What you have to do — Retype each line below precisely and omit all images.

[Stored items from a collection]
Content starts

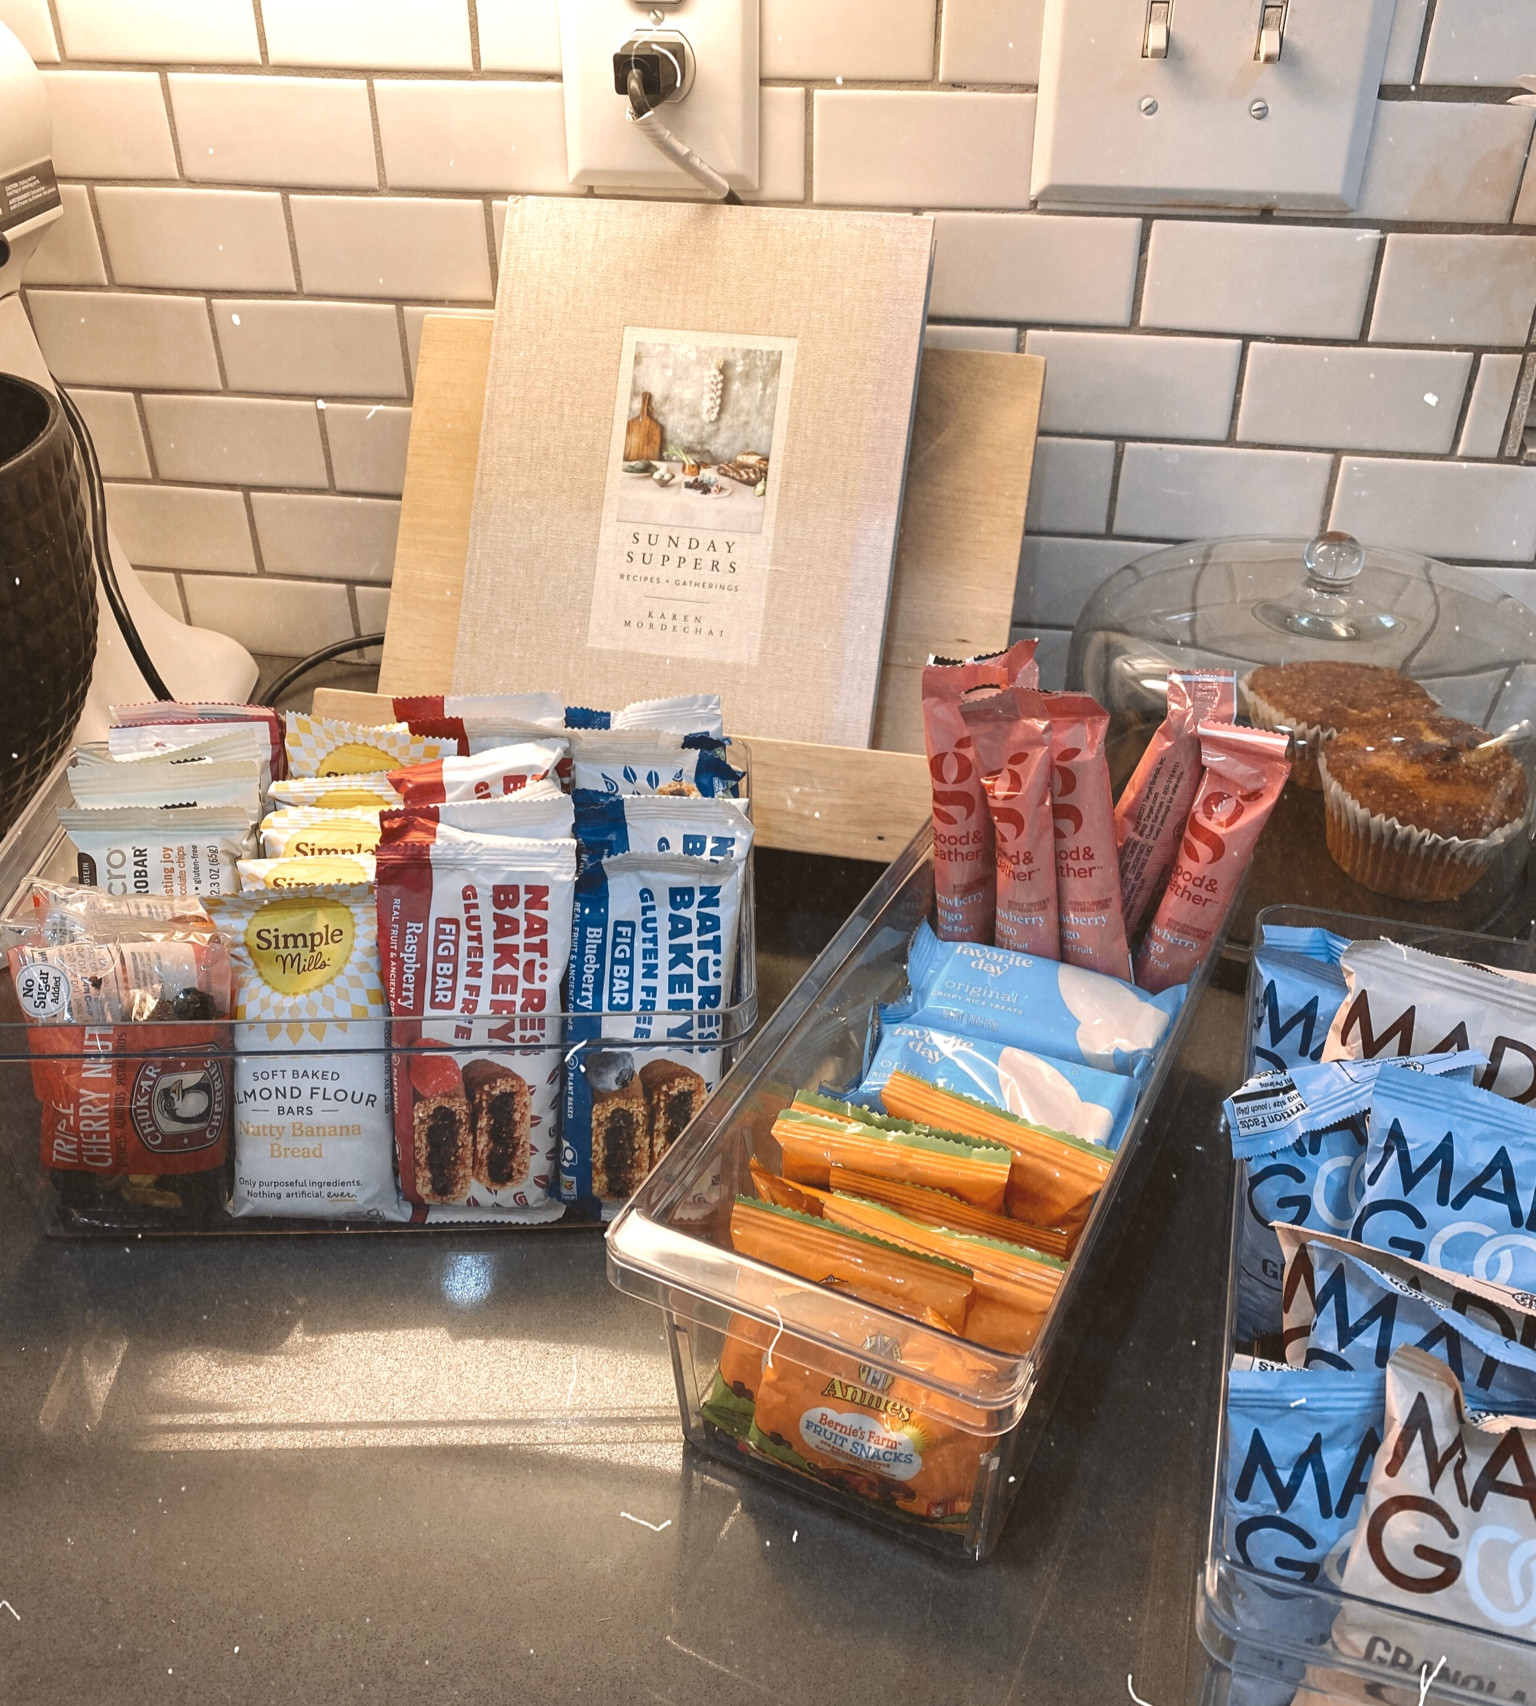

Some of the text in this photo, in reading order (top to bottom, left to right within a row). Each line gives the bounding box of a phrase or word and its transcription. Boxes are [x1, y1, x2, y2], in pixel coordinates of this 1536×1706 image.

[632, 532, 736, 553] SUNDAY
[626, 551, 737, 574] SUPPERS
[619, 573, 661, 584] RECIPES
[674, 579, 740, 592] GATHERINGS
[624, 620, 724, 638] MORDECHAI
[648, 611, 703, 624] KAREN
[176, 846, 187, 868] chips
[190, 844, 202, 884] gluten-free
[207, 845, 220, 867] (65g)
[160, 847, 174, 896] sting joy
[1174, 865, 1218, 894] ood&
[210, 880, 220, 896] 2.3
[392, 898, 400, 922] REAL
[572, 902, 580, 924] REAL
[256, 925, 344, 952] Simple
[390, 924, 399, 950] FRUIT
[462, 884, 484, 979] GLUTEN
[570, 926, 579, 952] FRUIT
[639, 888, 659, 980] GLUTEN
[276, 951, 327, 976] Mills
[398, 922, 424, 1009] Raspberry
[434, 924, 456, 1003] FIG BAR
[577, 926, 603, 1010] Blueberry
[612, 926, 632, 1005] FIG BAR
[956, 944, 1034, 968] favorite
[970, 958, 1009, 978] day
[22, 978, 34, 998] No
[34, 970, 50, 1009] Sugar
[51, 976, 62, 1004] Added
[568, 963, 576, 1000] ANCIENT
[990, 1002, 1023, 1015] TREATS
[909, 1040, 946, 1064] day
[252, 1070, 340, 1082] SOFT BAKED
[136, 1064, 162, 1145] CHUKAR
[204, 1060, 223, 1140] CHERRIES
[310, 1086, 377, 1108] FLOUR
[278, 1106, 314, 1116] BARS
[78, 1088, 112, 1168] CHERRY
[238, 1120, 362, 1140] Nutty Banana
[1240, 1117, 1267, 1130] Facts
[269, 1143, 324, 1158] Bread
[238, 1177, 363, 1188] Only purposeful ingredients.
[1367, 1117, 1536, 1231] MA
[247, 1190, 282, 1200] Nothing
[286, 1190, 325, 1200] artificial,
[805, 1420, 848, 1448] FRUIT
[850, 1441, 913, 1464] SNACKS
[818, 1412, 898, 1450] Bernie's Farm
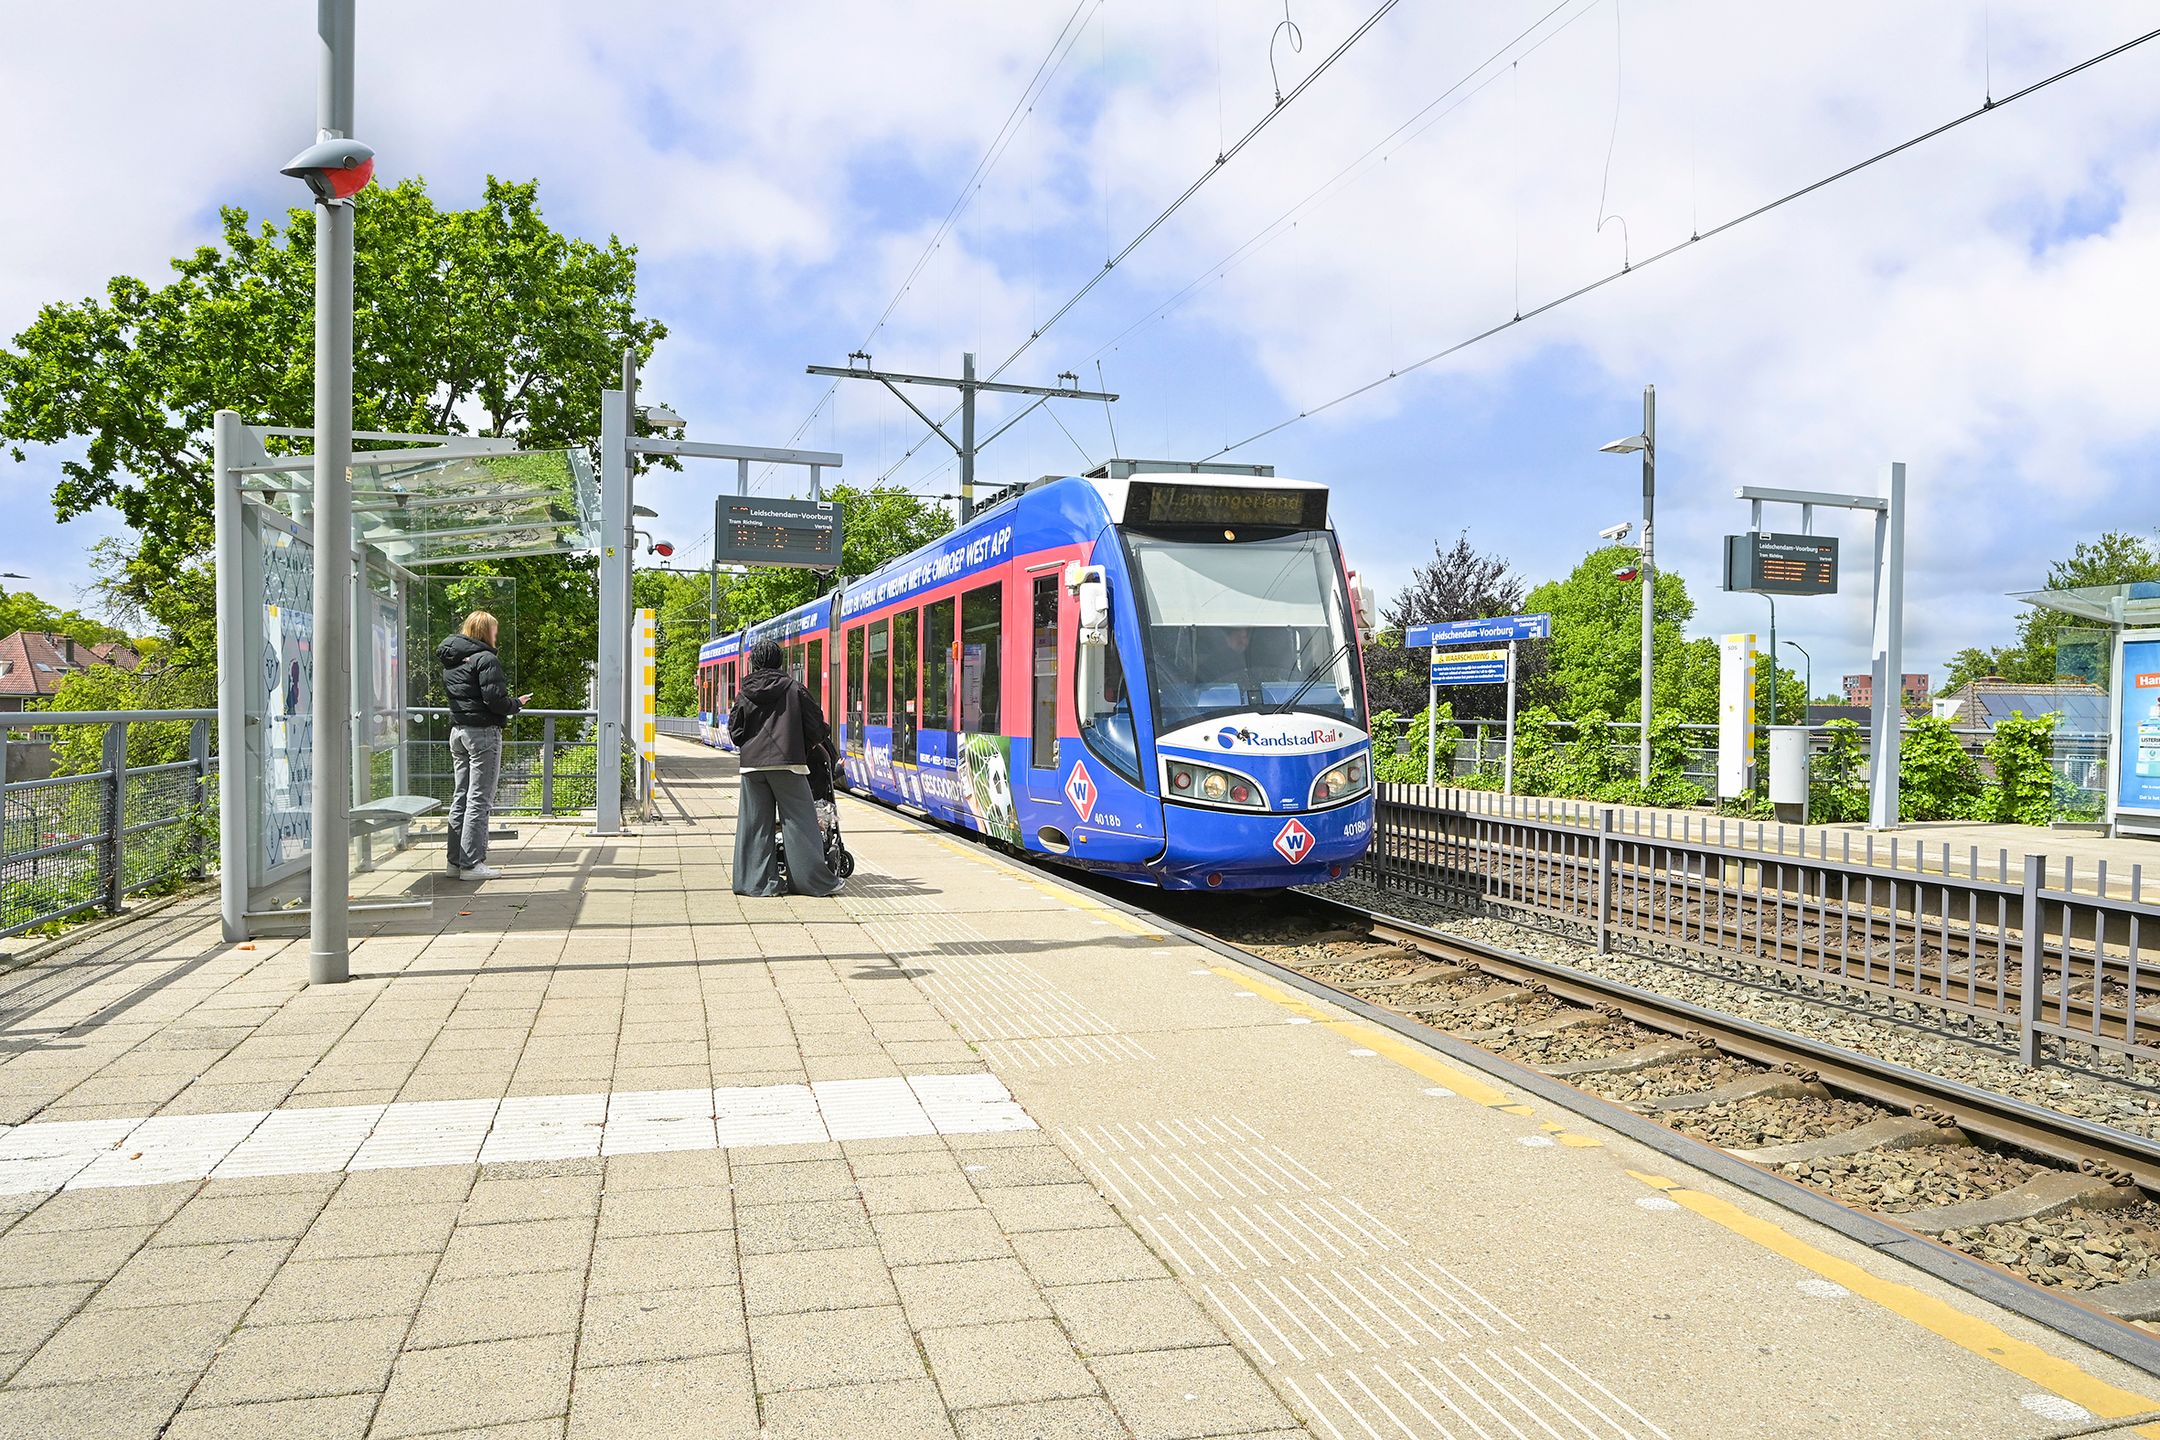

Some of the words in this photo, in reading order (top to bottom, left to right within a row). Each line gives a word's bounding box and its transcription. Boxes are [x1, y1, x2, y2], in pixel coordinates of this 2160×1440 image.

Content ends

Problem solution —
Some of the text in this photo, in reading order (top to bottom, left to right within a row). Each line gives the bounding box of a phrase or word and its transcription. Boxes are [x1, y1, x2, y2], in pixel coordinates of this 1536×1706 image.

[632, 532, 736, 553] SUNDAY
[626, 551, 737, 574] SUPPERS
[619, 573, 661, 584] RECIPES
[674, 579, 740, 592] GATHERINGS
[624, 620, 724, 638] MORDECHAI
[648, 611, 703, 624] KAREN
[176, 846, 187, 868] chips
[190, 844, 202, 884] gluten-free
[207, 845, 220, 867] (65g)
[160, 847, 174, 896] sting joy
[1174, 865, 1218, 894] ood&
[210, 880, 220, 896] 2.3
[392, 898, 400, 922] REAL
[572, 902, 580, 924] REAL
[256, 925, 344, 952] Simple
[390, 924, 399, 950] FRUIT
[462, 884, 484, 979] GLUTEN
[570, 926, 579, 952] FRUIT
[639, 888, 659, 980] GLUTEN
[276, 951, 327, 976] Mills
[398, 922, 424, 1009] Raspberry
[434, 924, 456, 1003] FIG BAR
[577, 926, 603, 1010] Blueberry
[612, 926, 632, 1005] FIG BAR
[956, 944, 1034, 968] favorite
[970, 958, 1009, 978] day
[22, 978, 34, 998] No
[34, 970, 50, 1009] Sugar
[51, 976, 62, 1004] Added
[568, 963, 576, 1000] ANCIENT
[990, 1002, 1023, 1015] TREATS
[909, 1040, 946, 1064] day
[252, 1070, 340, 1082] SOFT BAKED
[136, 1064, 162, 1145] CHUKAR
[204, 1060, 223, 1140] CHERRIES
[310, 1086, 377, 1108] FLOUR
[278, 1106, 314, 1116] BARS
[78, 1088, 112, 1168] CHERRY
[238, 1120, 362, 1140] Nutty Banana
[1240, 1117, 1267, 1130] Facts
[269, 1143, 324, 1158] Bread
[238, 1177, 363, 1188] Only purposeful ingredients.
[1367, 1117, 1536, 1231] MA
[247, 1190, 282, 1200] Nothing
[286, 1190, 325, 1200] artificial,
[805, 1420, 848, 1448] FRUIT
[850, 1441, 913, 1464] SNACKS
[818, 1412, 898, 1450] Bernie's Farm

Some of the words in this photo, in reading order (top to bottom, left to right within a row). Each line gives a word's bounding box and its transcription. Boxes are [x1, y1, x2, y2], in pixel coordinates of this 2160×1440 image.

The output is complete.